═══ Source information
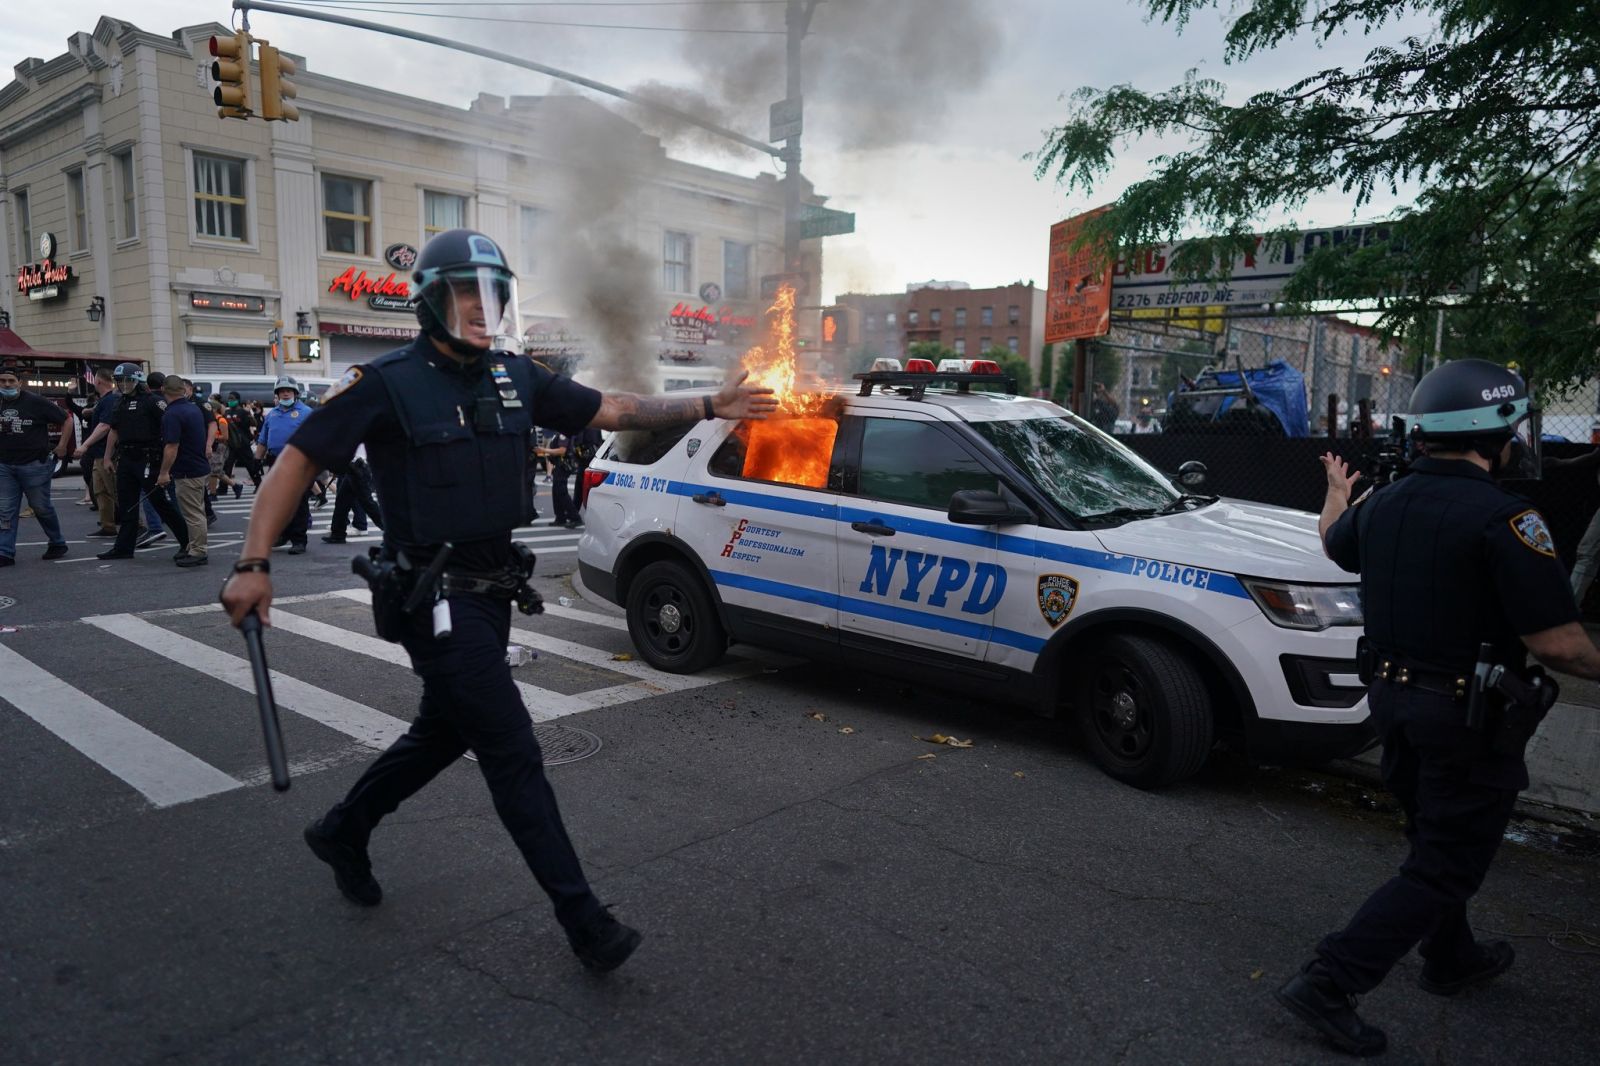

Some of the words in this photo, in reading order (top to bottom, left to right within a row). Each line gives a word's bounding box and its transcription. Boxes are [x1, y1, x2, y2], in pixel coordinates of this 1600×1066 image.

[328, 266, 409, 300] Afrika
[1117, 294, 1151, 308] 2276
[1157, 290, 1209, 306] BEDFORD
[1481, 384, 1516, 401] 6450
[616, 473, 634, 489] 3602
[639, 476, 650, 490] 70
[651, 477, 667, 492] PCT
[738, 518, 781, 538] COURTESY
[720, 544, 762, 563] RESPECT
[729, 531, 805, 557] PROFESSIONALISM
[859, 544, 1008, 615] NYPD
[1048, 576, 1071, 586] POLICE
[1132, 558, 1208, 590] POLICE
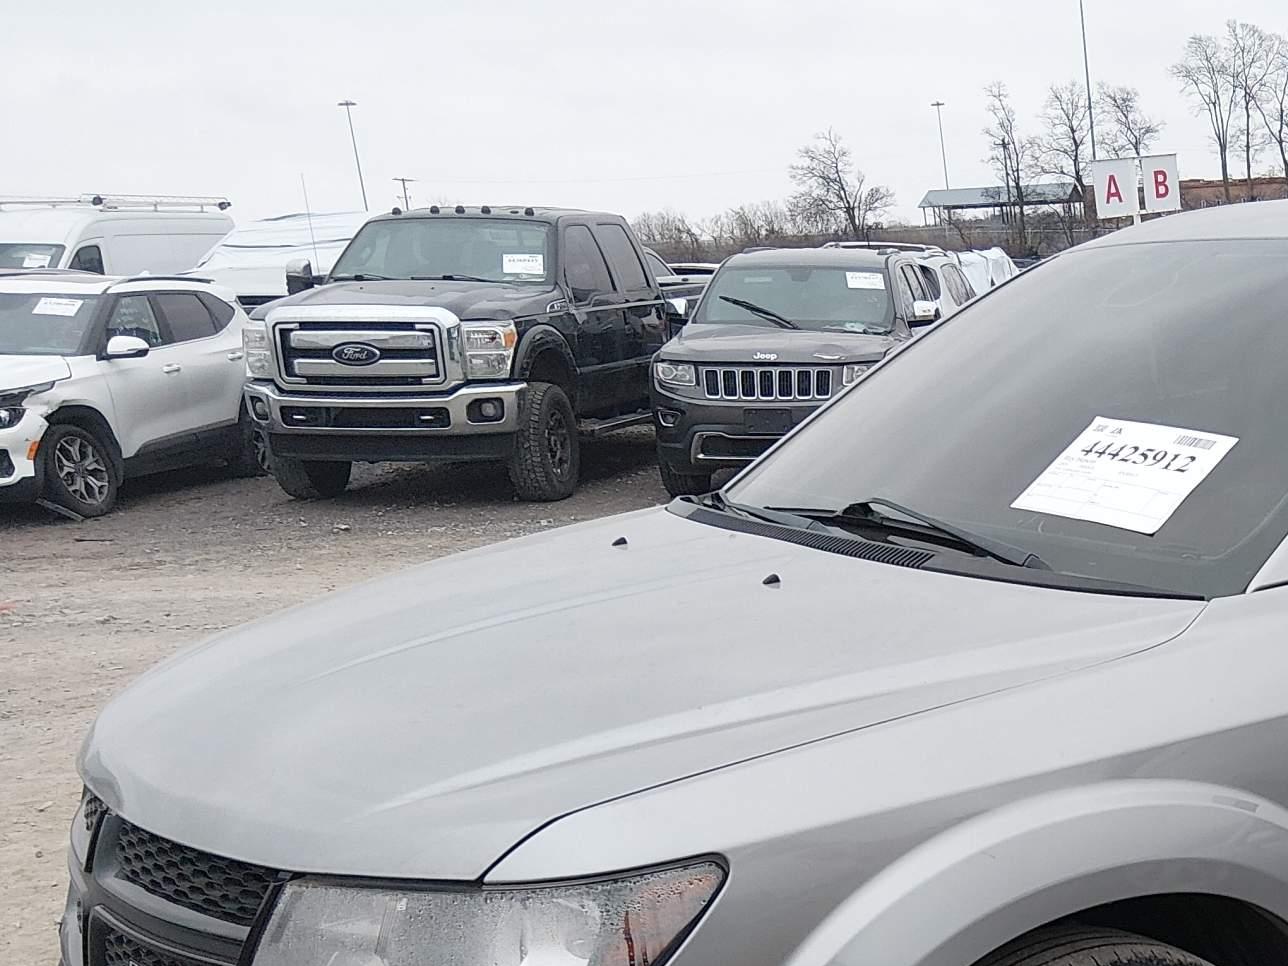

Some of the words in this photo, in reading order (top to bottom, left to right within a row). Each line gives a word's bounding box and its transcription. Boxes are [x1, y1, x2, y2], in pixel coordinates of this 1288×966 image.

[1105, 174, 1123, 205] A
[1152, 169, 1170, 199] B
[342, 347, 368, 360] Ford
[752, 351, 778, 361] Jeep
[1080, 440, 1197, 474] 44425912
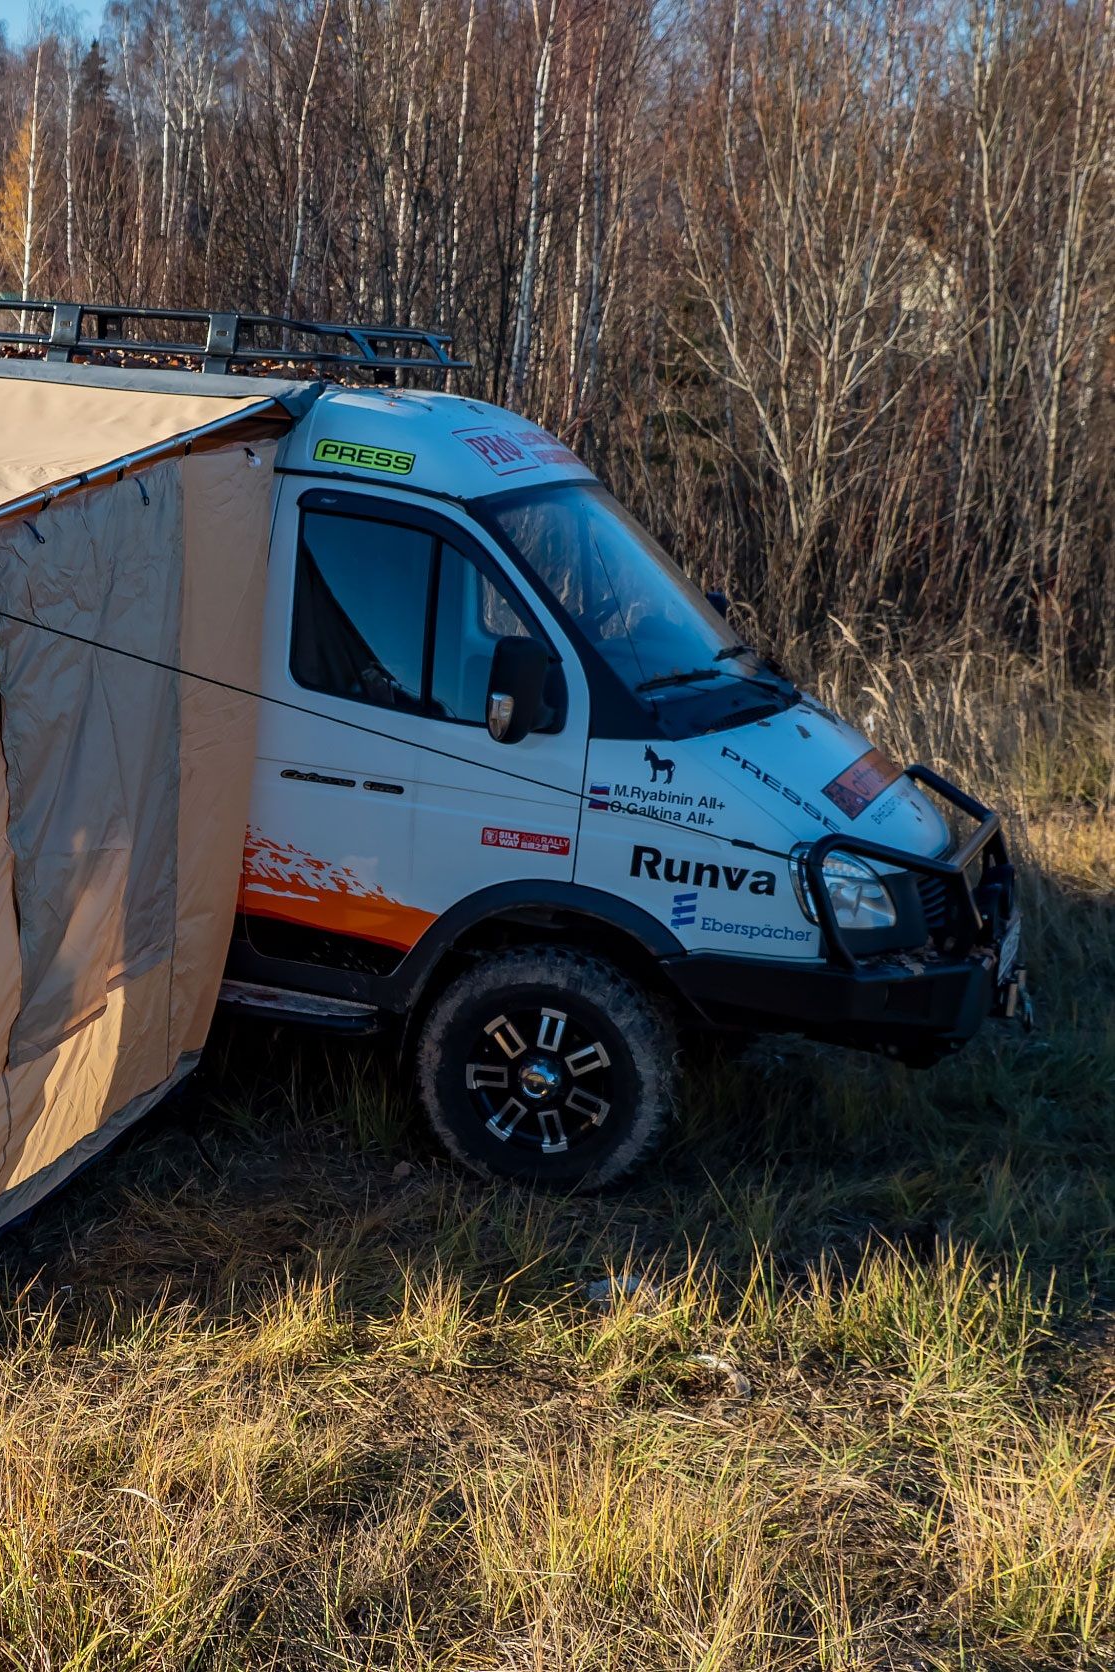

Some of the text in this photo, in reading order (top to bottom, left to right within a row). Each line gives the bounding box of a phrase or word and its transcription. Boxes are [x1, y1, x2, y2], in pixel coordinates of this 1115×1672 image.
══════
Task requirements:
Using the data above, print every line exactly, omitting pictures.

Solution below:
Some of the words in this photo, in reading order (top to bottom, left to right within a row). Each line gives a word's bounding box and its transcription. Boxes are [x1, y1, x2, y2], in pixel coordinates of this 1600×1066 image.

[328, 266, 409, 300] Afrika
[1117, 294, 1151, 308] 2276
[1157, 290, 1209, 306] BEDFORD
[1481, 384, 1516, 401] 6450
[616, 473, 634, 489] 3602
[639, 476, 650, 490] 70
[651, 477, 667, 492] PCT
[738, 518, 781, 538] COURTESY
[720, 544, 762, 563] RESPECT
[729, 531, 805, 557] PROFESSIONALISM
[859, 544, 1008, 615] NYPD
[1048, 576, 1071, 586] POLICE
[1132, 558, 1208, 590] POLICE

Some of the words in this photo, in reading order (top to bottom, left to right within a row). Each line gives a word's bounding box and its transcription. Boxes are [x1, y1, x2, y2], in pixel coordinates of this 1288×966 image.

[1105, 174, 1123, 205] A
[1152, 169, 1170, 199] B
[342, 347, 368, 360] Ford
[752, 351, 778, 361] Jeep
[1080, 440, 1197, 474] 44425912

Some of the text in this photo, in reading order (top to bottom, left to right within a row). Each line gives the bounding box of a phrase or word and its transcription. Boxes are [x1, y1, x2, y2], in pixel coordinates of this 1115×1672 image.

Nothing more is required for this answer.